Experiments and results
We evaluated the RAG agent on TiresQAwhich is based on Frames paper. An example of a multi-hop question is:
“Of the top two most-watched television season finales (as of June 2024), which finale lasted the longest, and by how much?”
The RAG system needs to perform multiple steps to arrive at the correct answer. First, it must be determined that the two most-watched endings are shows mash and Cheers. Next, he must find their running times, and calculate the length difference. In many RAG setups (Vanilla RAG or Agent RAG without enough context), we can end up in a situation where the form says something like:
“Despite multiple checks, I found no clear running times for M*A*S*H or Cheers. The docs provide viewership data, but not duration in minutes or hours.”

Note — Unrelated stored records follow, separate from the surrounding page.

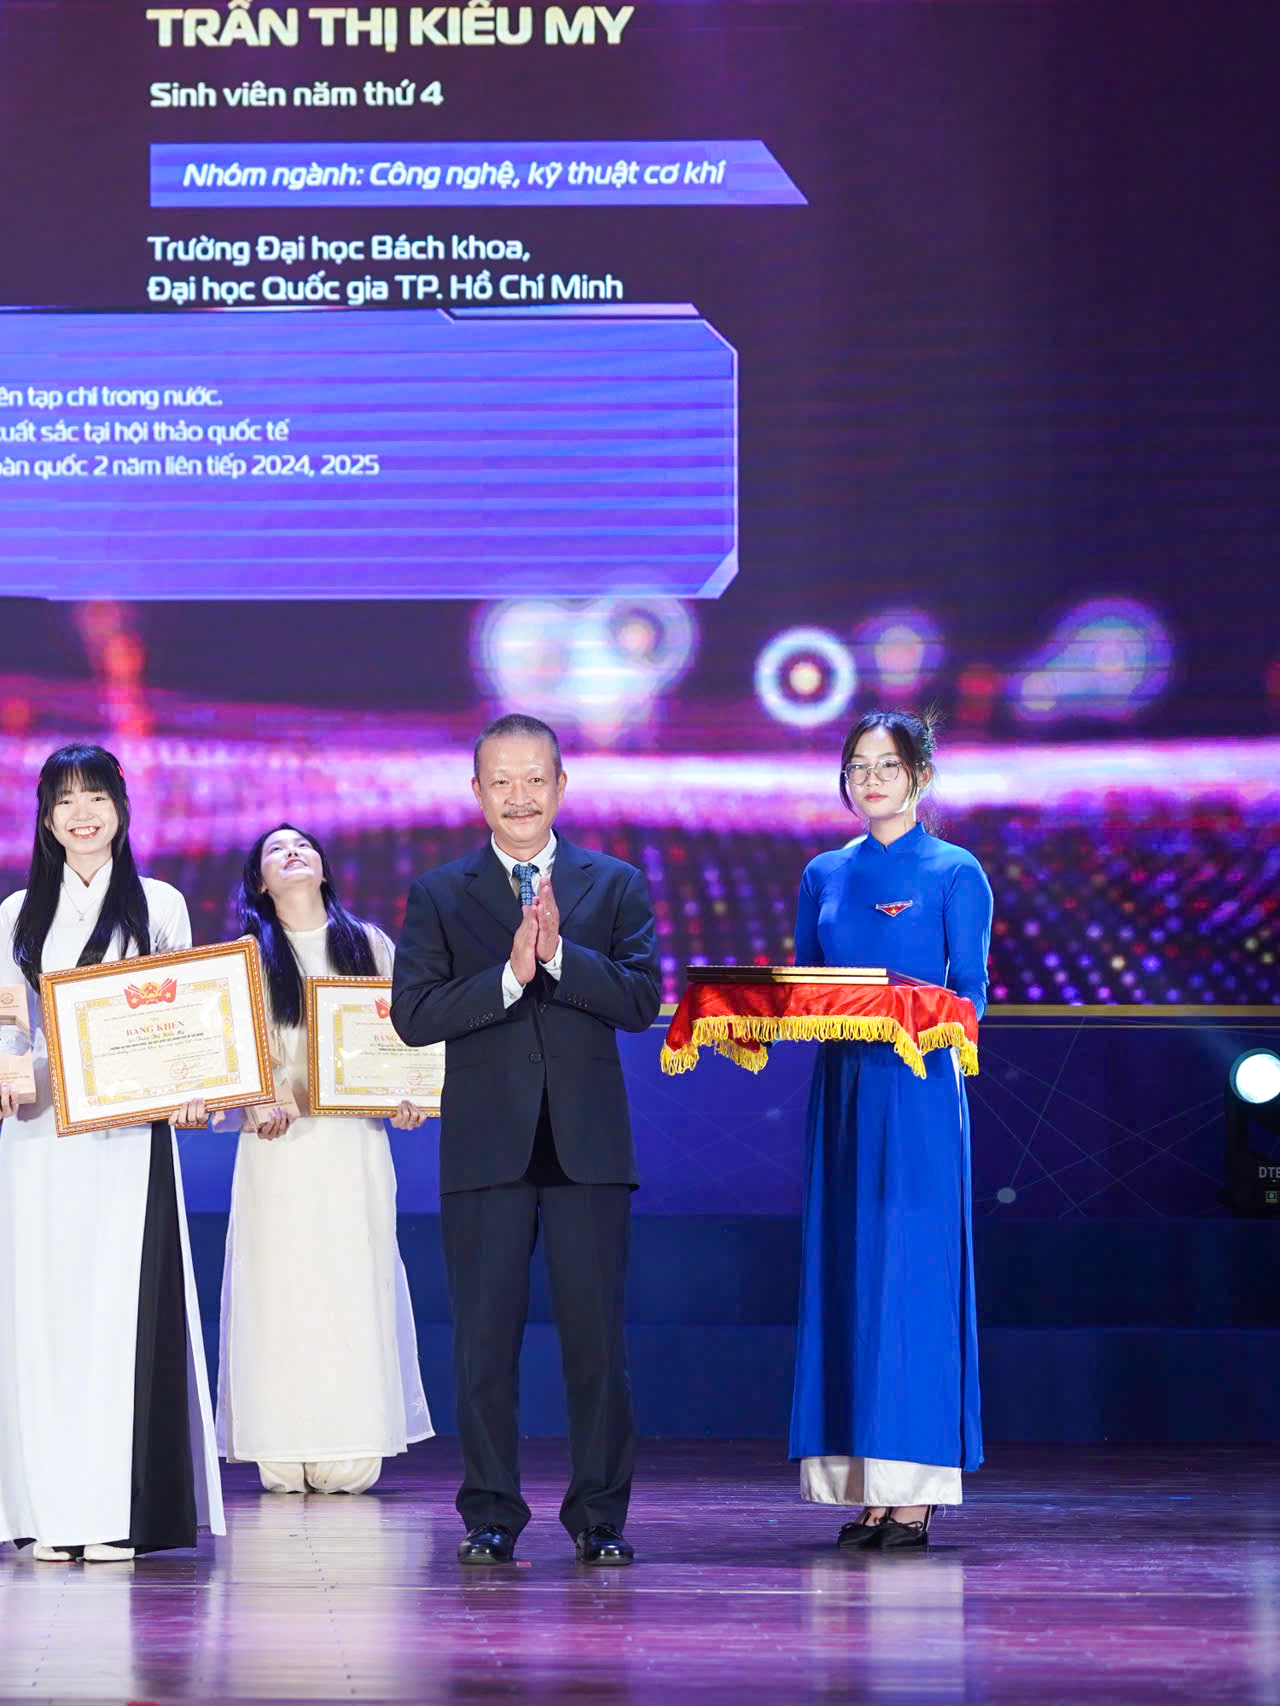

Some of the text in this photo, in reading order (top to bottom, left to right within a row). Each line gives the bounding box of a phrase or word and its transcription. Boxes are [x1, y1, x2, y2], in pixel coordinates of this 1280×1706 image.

[309, 8, 397, 52] THỊ
[545, 6, 634, 44] MY
[150, 79, 443, 107] Sinh viên năm thứ 4
[183, 160, 726, 190] Nhóm ngành: Công nghệ, kỹ thuật cơ khí
[147, 234, 530, 266] Trường Đại học Bách khoa,
[147, 270, 623, 304] Đại học Quốc gia TP. Hồ Chí Minh
[26, 387, 63, 410] tạp
[66, 386, 98, 407] chí
[101, 387, 160, 410] trong
[163, 386, 223, 407] nước.
[41, 420, 80, 442] sắc
[83, 421, 110, 445] tại
[114, 421, 148, 445] hội
[152, 419, 203, 442] thảo
[207, 418, 262, 446] quốc
[266, 418, 290, 442] tế
[34, 453, 88, 480] quốc
[93, 455, 109, 477] 2
[113, 457, 161, 476] năm
[165, 455, 202, 476] liên
[206, 453, 247, 479] tiếp
[251, 454, 315, 478] 2024,
[320, 454, 380, 476] 2025

This does not answer the question.
Fortunately, our agent RAG can solve this problem by first searching for TV shows, then using Rewriter Query and Sufficient context Agent to perform a targeted search for the runtime of M*A*S*H or Cheers. Then, Gemini can easily determine which finale took the longest and by how much:
“The M*A*S*H finale ran for 150 minutes, making it the longest of the top two. It was 52 minutes longer than the Cheers finale, which ran for approximately 98 minutes.”

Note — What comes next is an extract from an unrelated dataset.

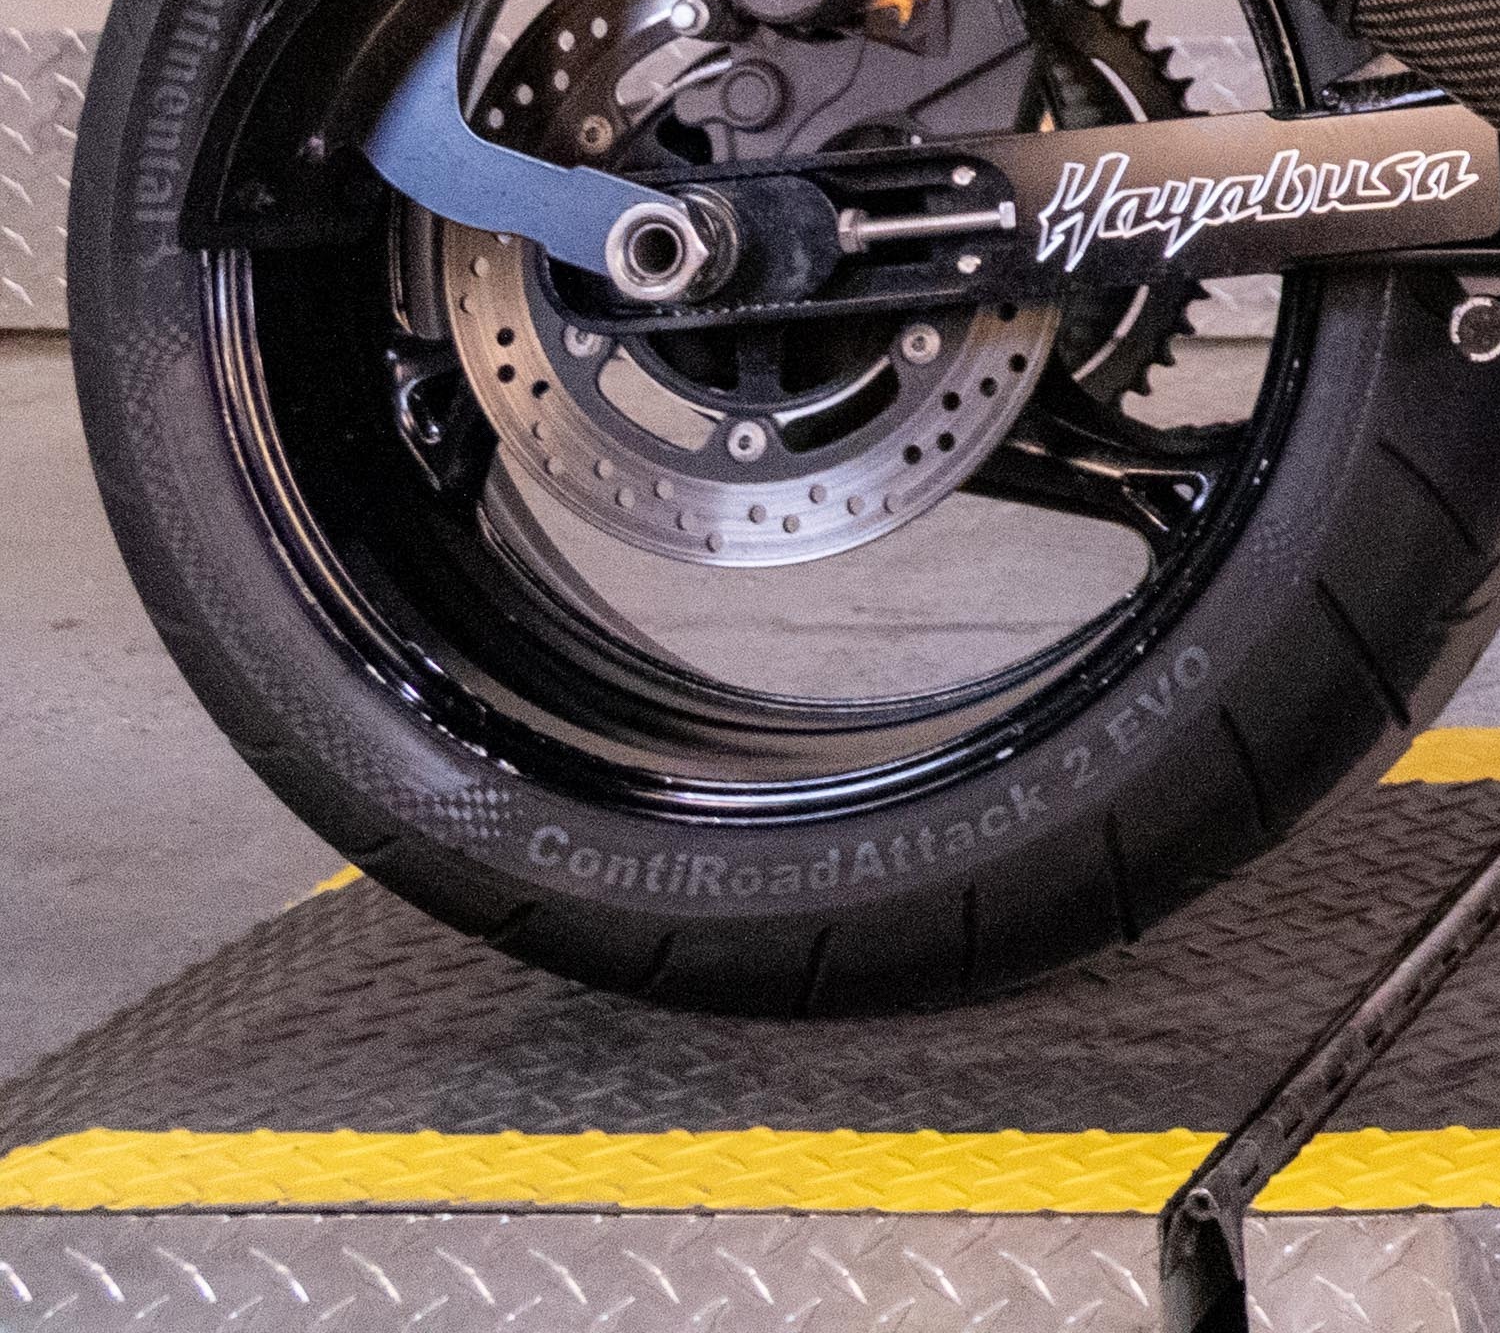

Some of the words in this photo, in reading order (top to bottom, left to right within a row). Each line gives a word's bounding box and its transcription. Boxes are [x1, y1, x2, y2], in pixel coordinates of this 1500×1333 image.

[1036, 148, 1480, 273] Hayabusa
[526, 779, 1052, 902] ContiRoadAttack
[1062, 745, 1096, 786] 2
[1105, 643, 1211, 753] EVO

We ran an experiment to test this capability on a large scale (FramesQA contains 824 queries as well as a collection containing 2676 PDF documents). In the “Vanilla” RAG setup, we use Google’s setup Raj engine (which contains an advanced retrieval engine, LLM parser, and reordering). We compared this with our agent RAG on two sites. In the single-set setting, we retrieve from FramesQA documents. In the shared set setting, we also include three other distractor data sets, from which the planner must decide where to retrieve. This cross-group setup simulates use cases where companies have databases managed by separate teams. We calculate accuracy using LLM-as-a-judge to compare system responses to ground truth responses in the dataset.
In the cross-group setting, our system nearly matches the single-group accuracy. Even when the Schema Agent has to select the correct combination out of 4 possibilities, we successfully target search queries and answer 90.1% of questions correctly. The latency for both single and multiple versions is about the same (within 3% on average). This demonstrates that our Agentic RAG system can consider multiple, unrelated data sources, opening possibilities for more flexible retrieval scenarios.